Jerusalem Post 50 Most Influential Jews: Number 38 - Alan M. Dershowitz and Irwin Cotler

Pursuing justice.

Alan M. Dershowitz and Irwin Cotler (photo credit: Courtesy)
Alan M. Dershowitz and Irwin Cotler
(photo credit: Courtesy)
They are, perhaps, the two most eloquent international advocates for Israel and human rights – and they are good friends. One of them, Alan Dershowitz, even nominated the other, Irwin Cotler, for this year’s Nobel Peace Prize.
As jurists, political liberals, brilliant public speakers and prolific writers who care about civil rights everywhere, they are respected not only in their home countries – the US and Canada – but throughout the world.
Dershowitz dedicated his 2015 book, Abraham, “to Irwin Cotler – a modern-day Abraham – and to all courageous lawyers, Jewish and non-Jewish, who boldly confront injustice and who aggressively demand a single standard of justice.”
“Abraham, the world’s first Jew, was also the world’s first lawyer, arguing with God on behalf of the doomed sinners of Sodom,” Dershowitz writes at the beginning of the book. “He was thus the first in a long line of Jewish lawyers.”
Dershowitz and Cotler are probably the most famous contemporary Jewish jurists. They are often the first to jump to the defense of not only Israel, but of political prisoners and oppressed people around the world.
Dershowitz, 78, spent most of his career at Harvard Law School where, in 1967, at the age of 28, he became the youngest full professor of law in its history. He held the Felix Frankfurter professorship at Harvard until his retirement in December 2013.

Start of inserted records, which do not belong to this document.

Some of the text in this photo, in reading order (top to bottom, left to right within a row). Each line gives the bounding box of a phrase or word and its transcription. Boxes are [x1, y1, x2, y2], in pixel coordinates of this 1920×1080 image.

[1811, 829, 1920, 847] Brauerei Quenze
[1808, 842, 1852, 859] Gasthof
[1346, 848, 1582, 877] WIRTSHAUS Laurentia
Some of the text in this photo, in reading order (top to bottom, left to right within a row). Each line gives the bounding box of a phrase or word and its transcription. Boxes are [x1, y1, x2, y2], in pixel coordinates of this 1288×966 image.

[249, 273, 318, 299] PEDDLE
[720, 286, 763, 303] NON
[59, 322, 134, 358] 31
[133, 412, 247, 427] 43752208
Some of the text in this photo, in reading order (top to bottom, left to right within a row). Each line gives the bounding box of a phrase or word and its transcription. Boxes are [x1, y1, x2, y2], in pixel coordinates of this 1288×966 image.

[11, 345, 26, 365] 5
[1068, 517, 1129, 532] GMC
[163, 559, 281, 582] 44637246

In the interim, as a criminal appellate lawyer, he was involved in some high-profile cases, including Mike Tyson, Patty Hearst, Claus von Bülow and OJ Simpson.
He was once described by Newsweek as America’s “most peripatetic civil liberties lawyer and one of its most distinguished defenders of individual rights.”

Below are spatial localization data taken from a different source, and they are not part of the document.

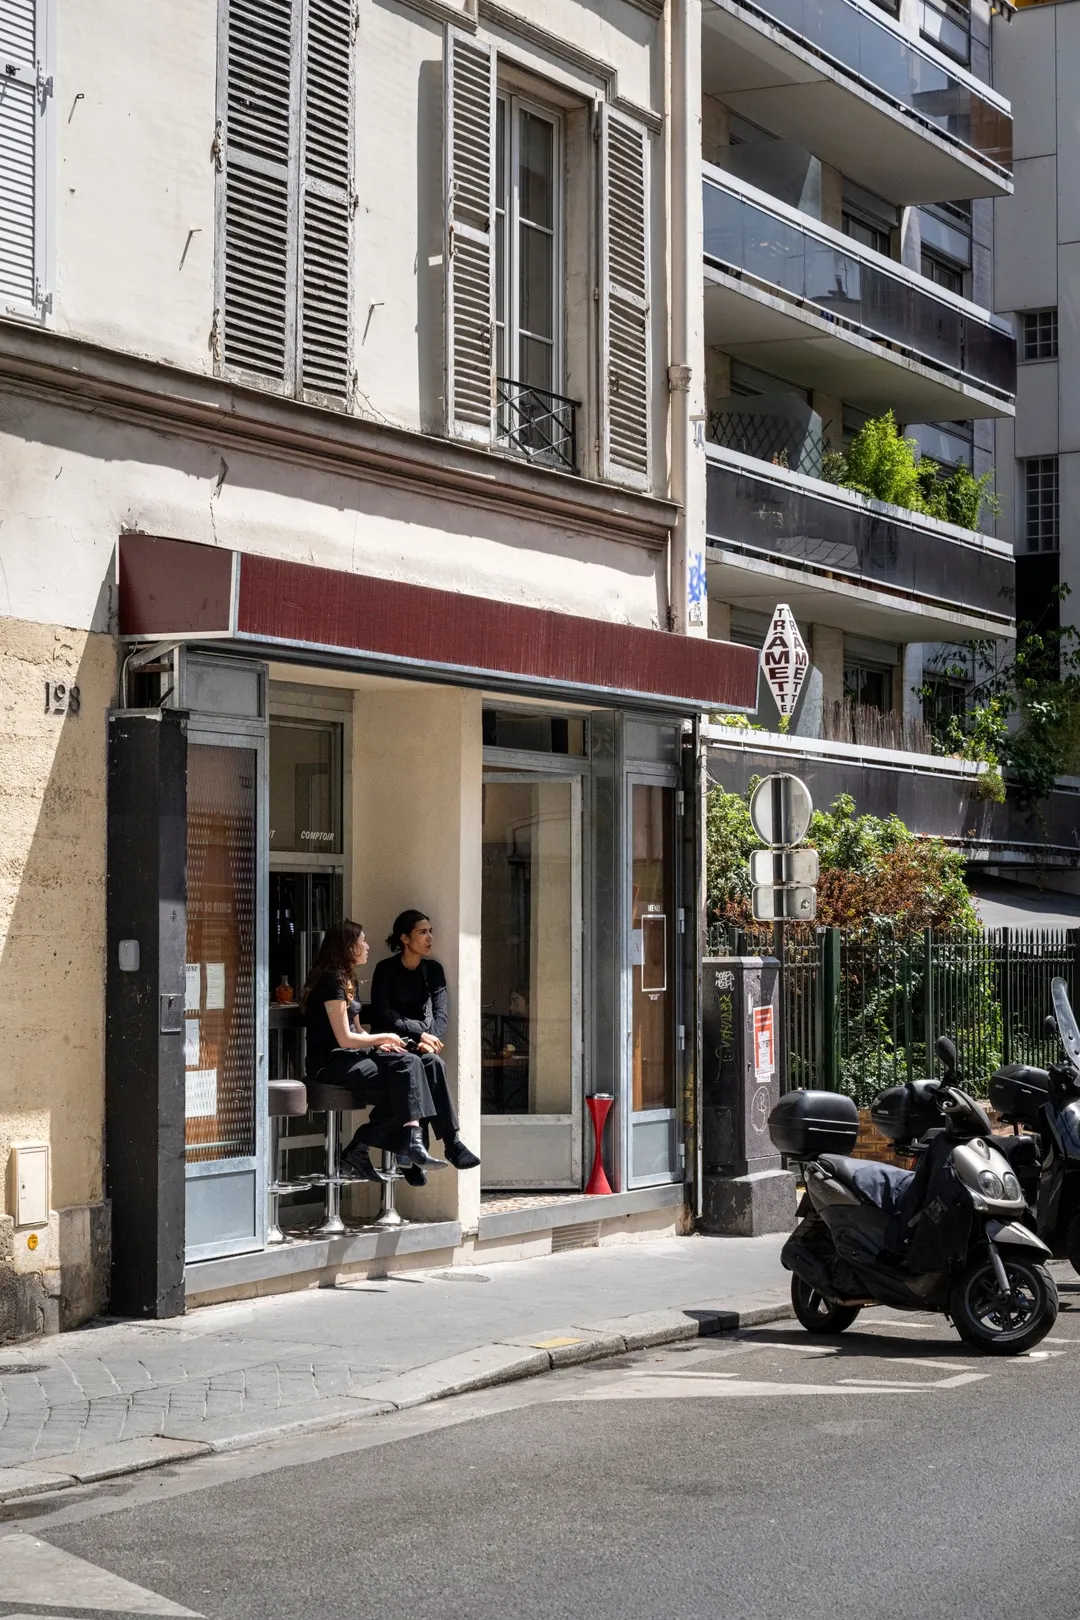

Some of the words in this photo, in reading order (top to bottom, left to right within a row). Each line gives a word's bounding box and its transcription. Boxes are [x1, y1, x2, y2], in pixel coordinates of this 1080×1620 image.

[765, 608, 789, 712] TRÂMETTE
[300, 830, 335, 841] COMPTOIR
[647, 904, 661, 912] MENU
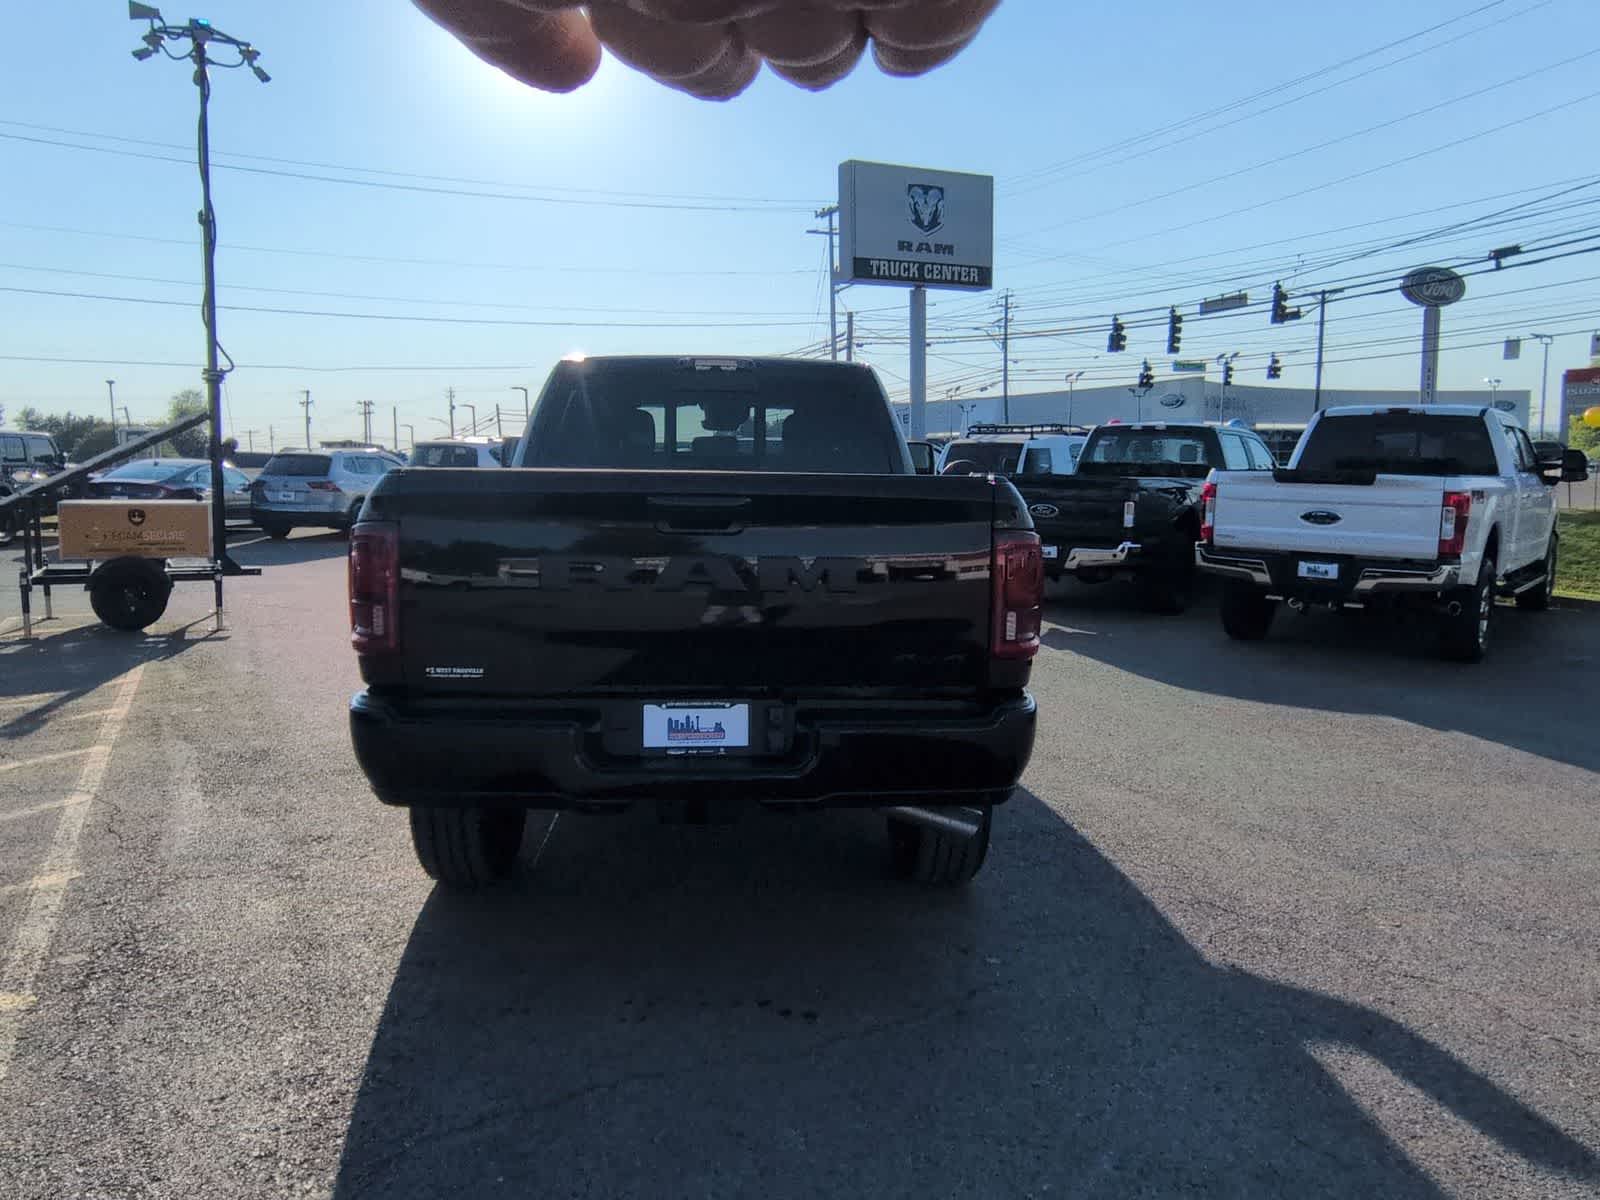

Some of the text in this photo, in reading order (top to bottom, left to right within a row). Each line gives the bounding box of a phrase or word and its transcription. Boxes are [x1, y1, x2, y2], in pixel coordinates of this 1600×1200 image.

[897, 240, 955, 256] RAM
[870, 260, 978, 282] TRUCK CENTER
[1423, 273, 1457, 297] Ford

A strong supporter of US President Barack Obama, Dershowitz broke ranks to speak out forcefully against last year’s Iran deal. In his new book on the American presidential election, Electile Dysfunction: A Guide for the Unaroused Voter, he argues that the 2016 race “is the strangest presidential election in my memory. Despite the polls, the outcome is utterly unpredictable.”

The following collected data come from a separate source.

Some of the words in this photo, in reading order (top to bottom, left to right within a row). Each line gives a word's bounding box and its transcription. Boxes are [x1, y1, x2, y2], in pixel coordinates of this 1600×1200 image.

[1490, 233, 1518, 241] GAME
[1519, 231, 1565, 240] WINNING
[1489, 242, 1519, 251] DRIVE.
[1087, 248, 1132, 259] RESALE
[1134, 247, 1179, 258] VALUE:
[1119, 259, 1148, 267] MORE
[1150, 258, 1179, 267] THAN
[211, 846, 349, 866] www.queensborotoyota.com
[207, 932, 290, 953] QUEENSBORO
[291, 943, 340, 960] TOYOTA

Cotler, 76, a former justice minister and attorney general of Canada, served as a member of Parliament of Canada from 1999 to 2015. An emeritus professor of law at McGill University, and pro bono counsel to political prisoners, including imprisoned Saudi blogger Raif Badawi and Nobel Peace Laureate Liu Xiaobo He recently founded the Raoul Wallenberg Centre for Human Rights “in remembrance of the Swedish hero of humanity who demonstrated how one person with compassion to care and the courage to act can confront evil, prevail, and transform history.”